▶ [Exercise details] Exactly as written and without the pictures, output the entries below.
Start of Block
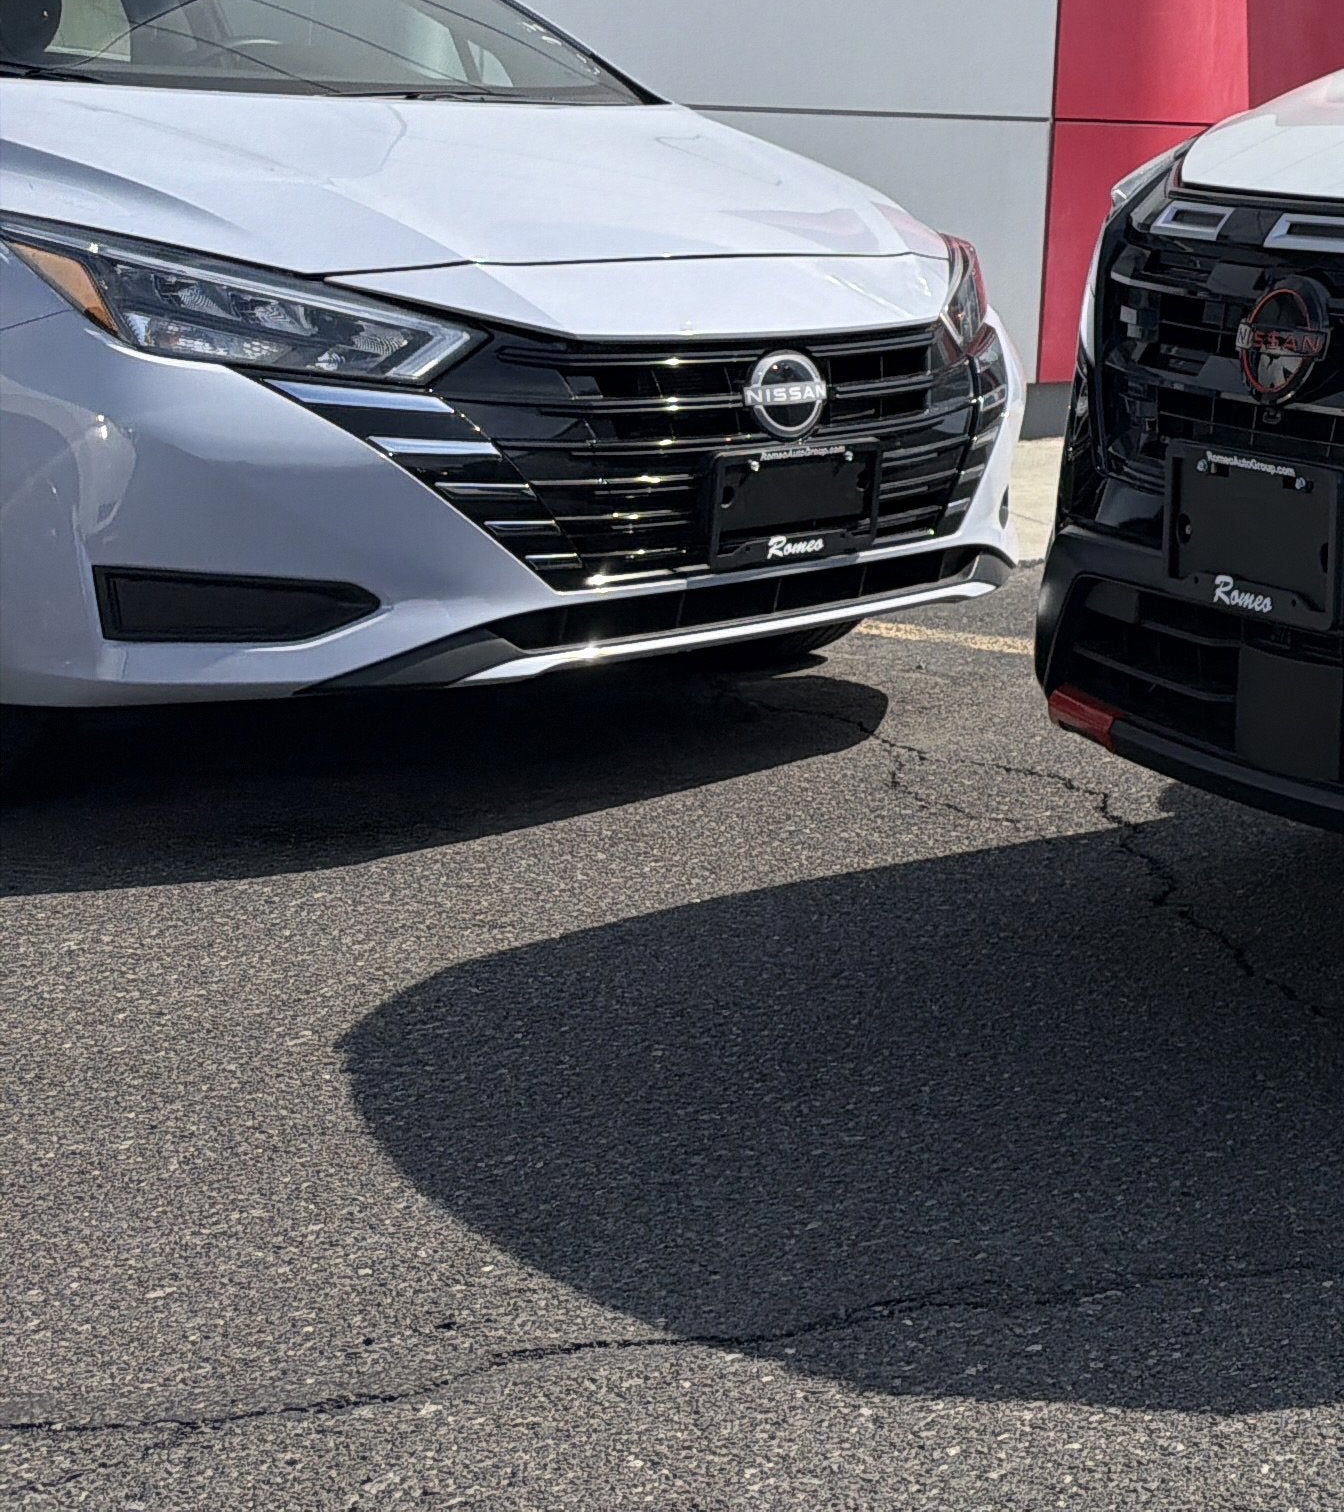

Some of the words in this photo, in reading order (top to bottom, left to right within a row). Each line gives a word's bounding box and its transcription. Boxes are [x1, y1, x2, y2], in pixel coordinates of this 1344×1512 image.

[745, 384, 826, 404] NISSAN
[1206, 450, 1297, 478] RomeoAutoGroup.com
[767, 535, 824, 560] Romeo
[1213, 574, 1273, 613] Romeo
End of Block
▶ [Exercise solution]
Some of the words in this photo, in reading order (top to bottom, left to right within a row). Each line gives a word's bounding box and its transcription. Boxes are [x1, y1, x2, y2], in pixel coordinates of this 1344×1512 image.

[745, 384, 826, 404] NISSAN
[1206, 450, 1297, 478] RomeoAutoGroup.com
[767, 535, 824, 560] Romeo
[1213, 574, 1273, 613] Romeo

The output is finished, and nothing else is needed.